The output should contain the listing word for word and no pictures.

The records section start

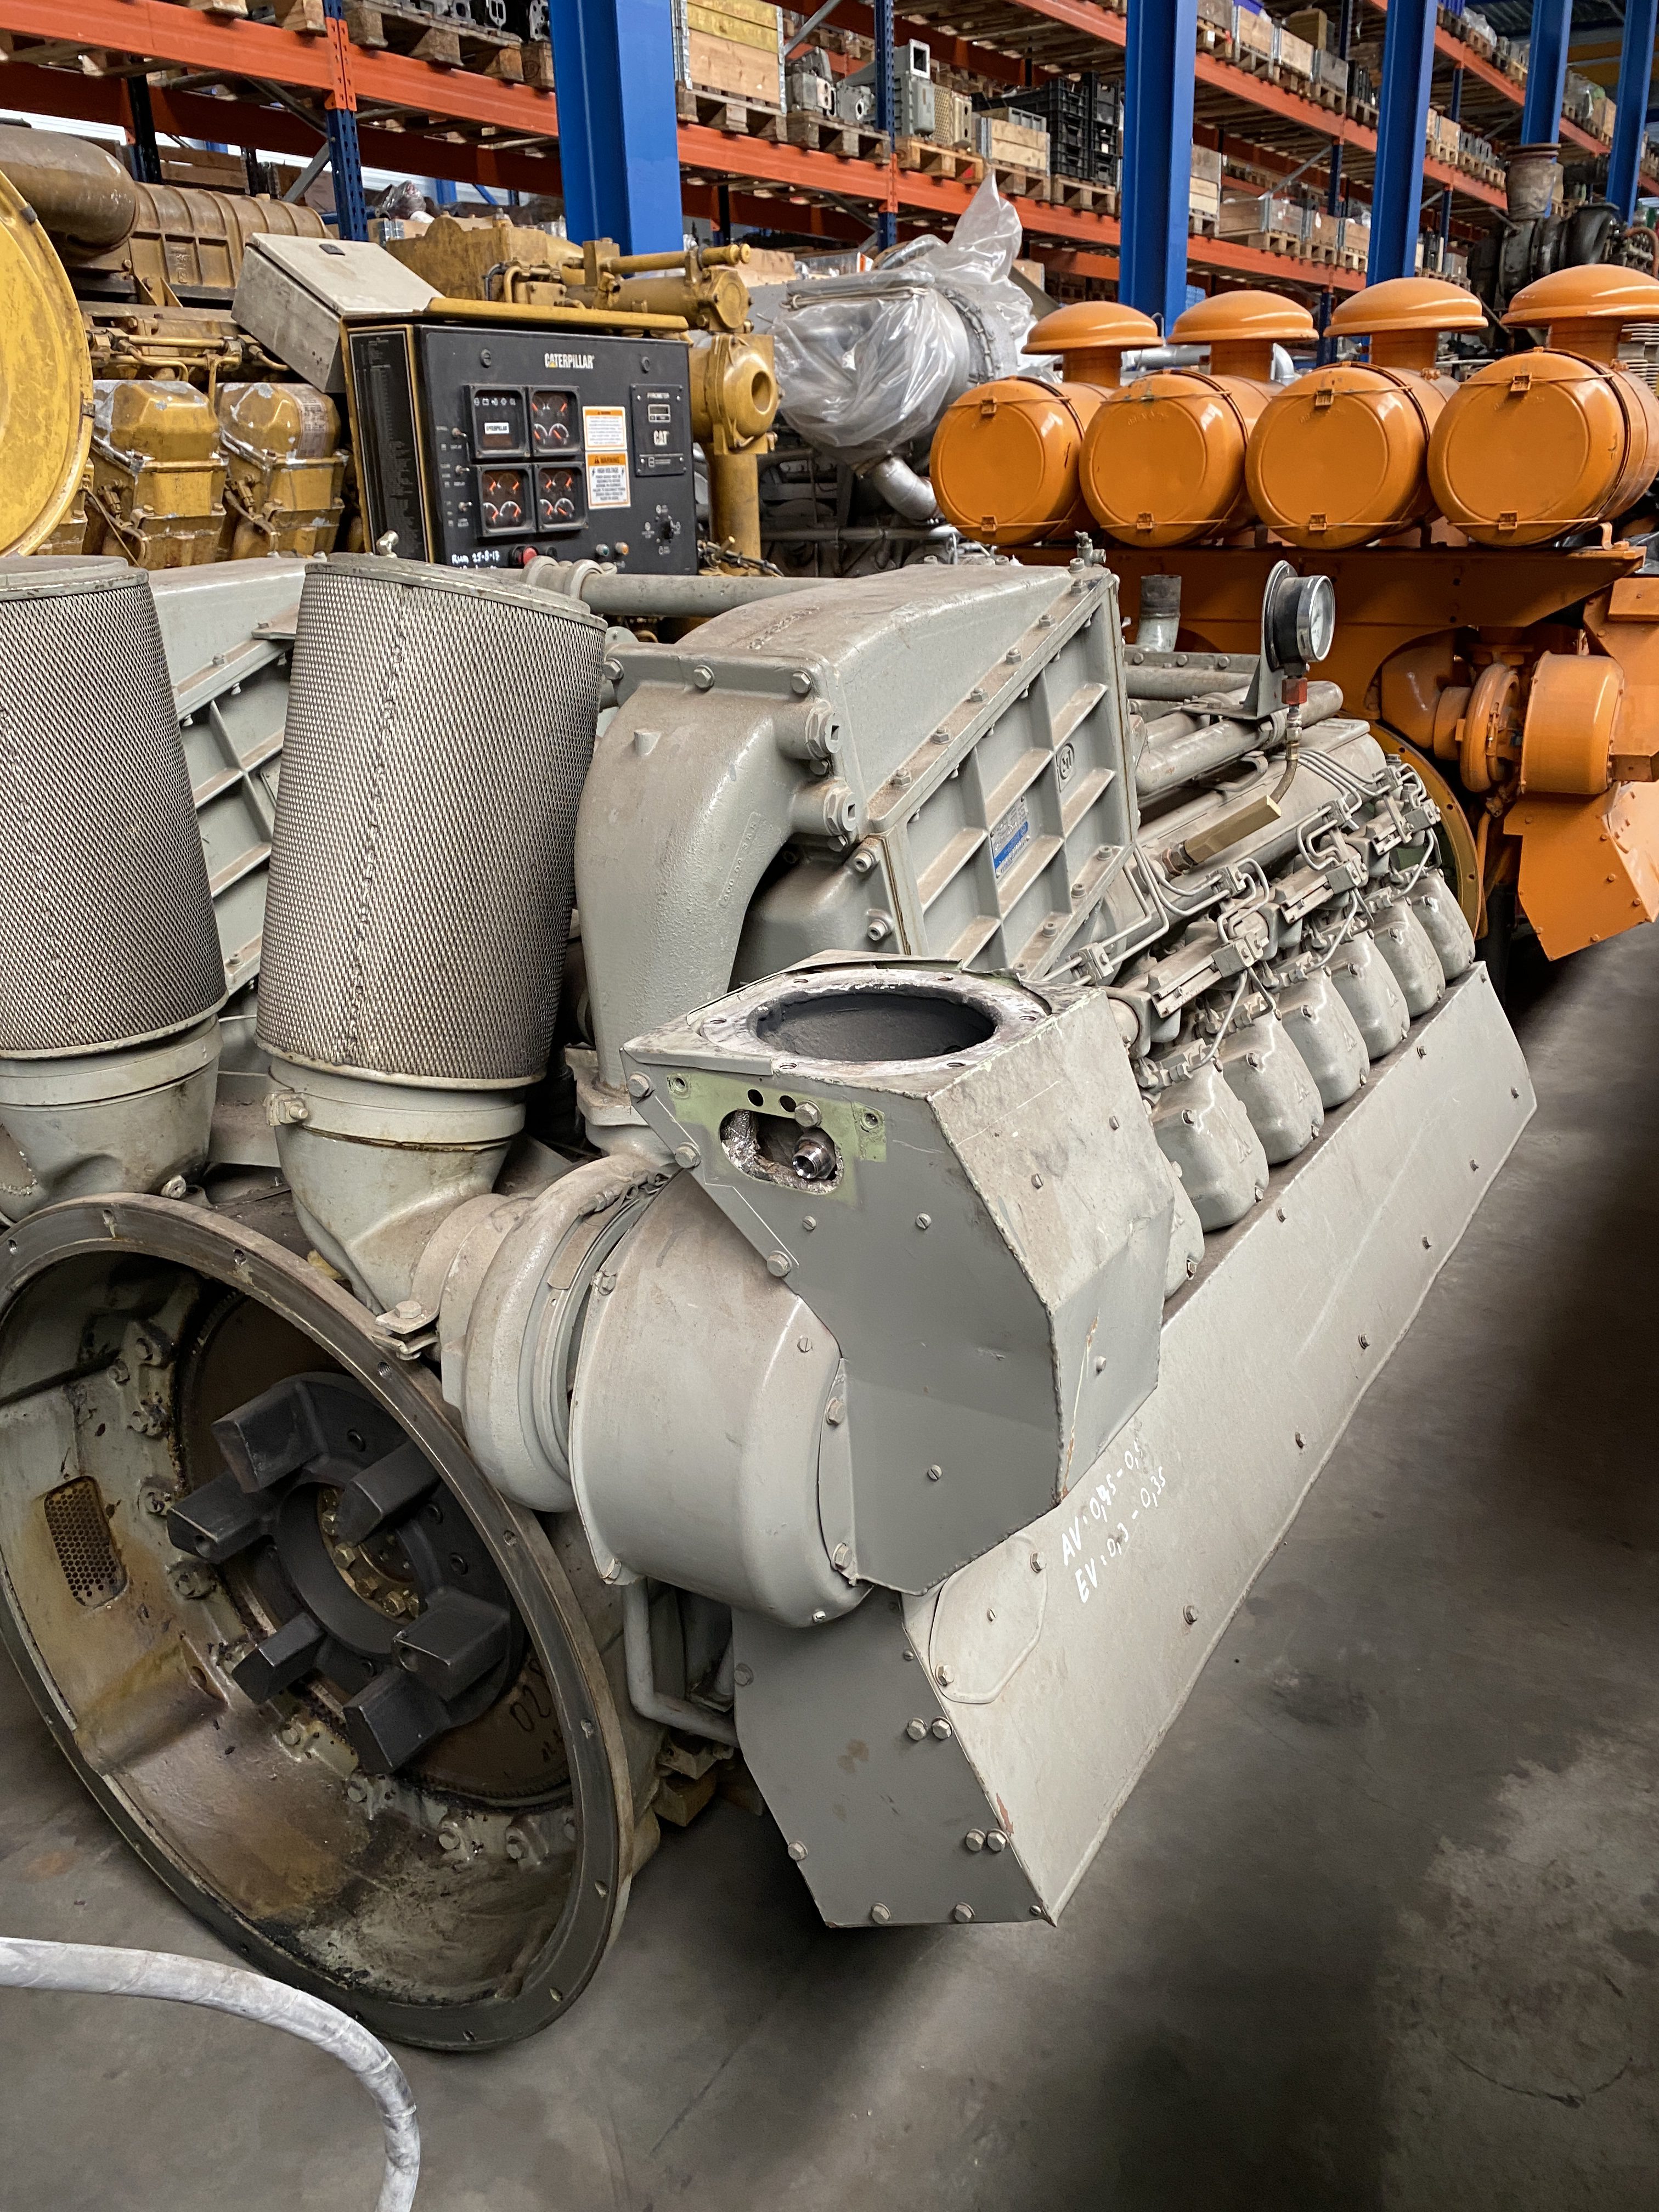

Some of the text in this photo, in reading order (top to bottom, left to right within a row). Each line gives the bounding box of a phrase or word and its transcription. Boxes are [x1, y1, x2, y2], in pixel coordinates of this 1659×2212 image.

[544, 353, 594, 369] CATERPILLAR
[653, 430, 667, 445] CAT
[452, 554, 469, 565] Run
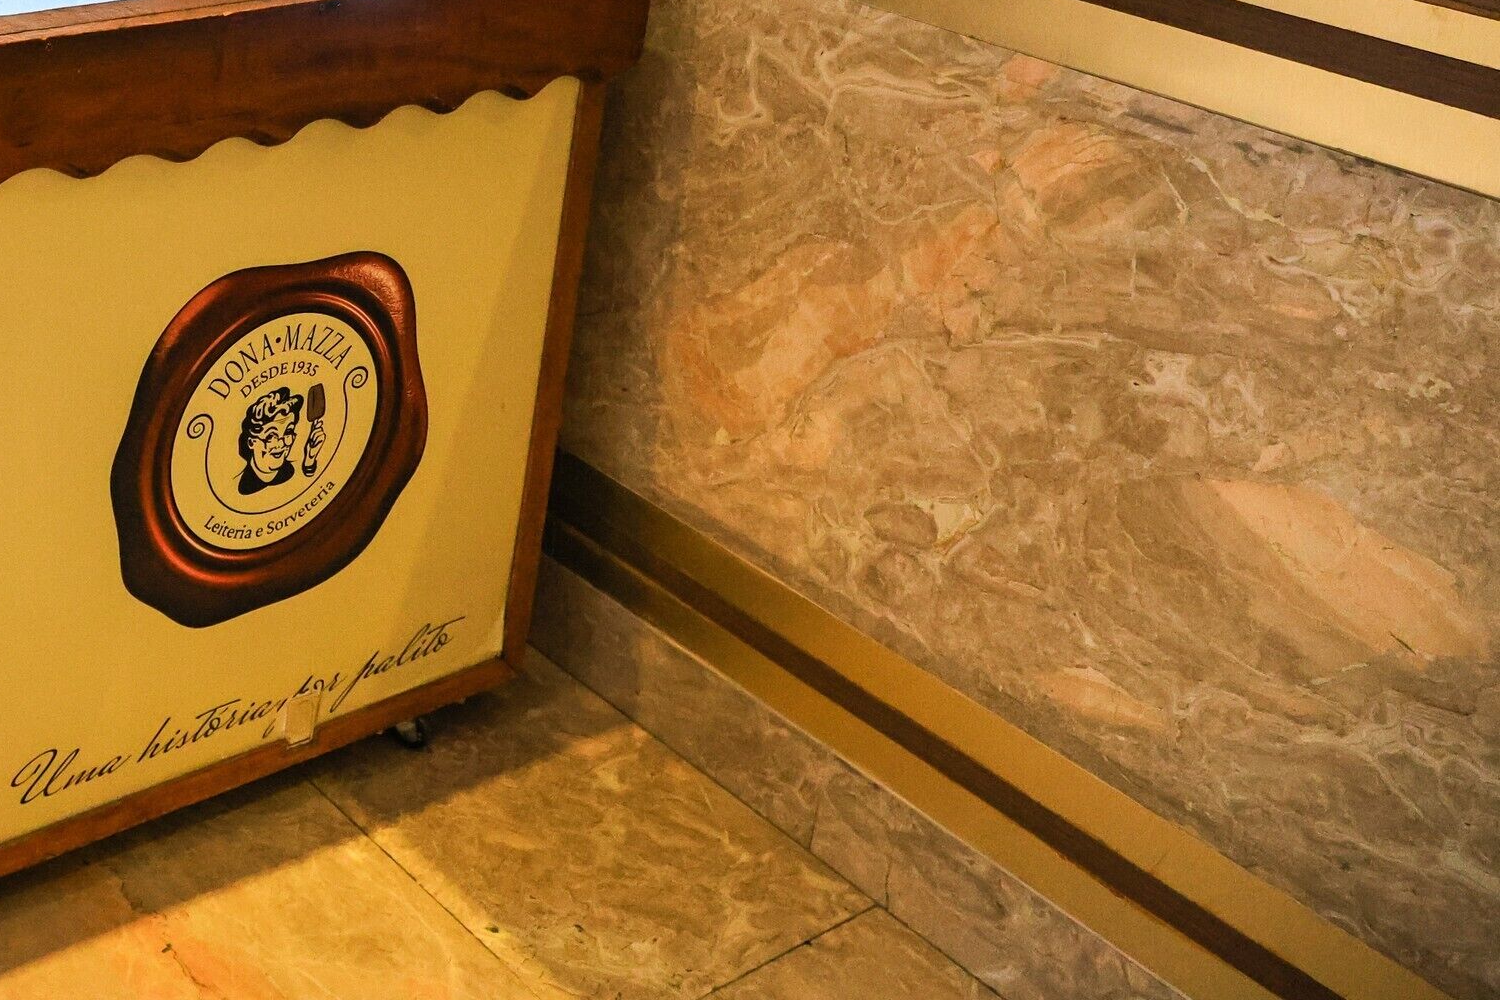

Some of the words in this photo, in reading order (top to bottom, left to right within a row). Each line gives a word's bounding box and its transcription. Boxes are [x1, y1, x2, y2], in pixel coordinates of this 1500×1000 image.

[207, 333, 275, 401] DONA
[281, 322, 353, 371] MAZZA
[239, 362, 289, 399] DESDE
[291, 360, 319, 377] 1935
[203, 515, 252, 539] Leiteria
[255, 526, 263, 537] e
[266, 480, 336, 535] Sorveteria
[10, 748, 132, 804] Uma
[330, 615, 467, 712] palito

The records section end

§ Completed exercise
Some of the text in this photo, in reading order (top to bottom, left to right within a row). Each line gives the bounding box of a phrase or word and its transcription. Boxes are [x1, y1, x2, y2], in pixel coordinates of this 1659×2212 image.

[544, 353, 594, 369] CATERPILLAR
[653, 430, 667, 445] CAT
[452, 554, 469, 565] Run

Some of the words in this photo, in reading order (top to bottom, left to right within a row). Each line gives a word's bounding box and its transcription. Boxes are [x1, y1, x2, y2], in pixel coordinates of this 1500×1000 image.

[207, 333, 275, 401] DONA
[281, 322, 353, 371] MAZZA
[239, 362, 289, 399] DESDE
[291, 360, 319, 377] 1935
[203, 515, 252, 539] Leiteria
[255, 526, 263, 537] e
[266, 480, 336, 535] Sorveteria
[10, 748, 132, 804] Uma
[330, 615, 467, 712] palito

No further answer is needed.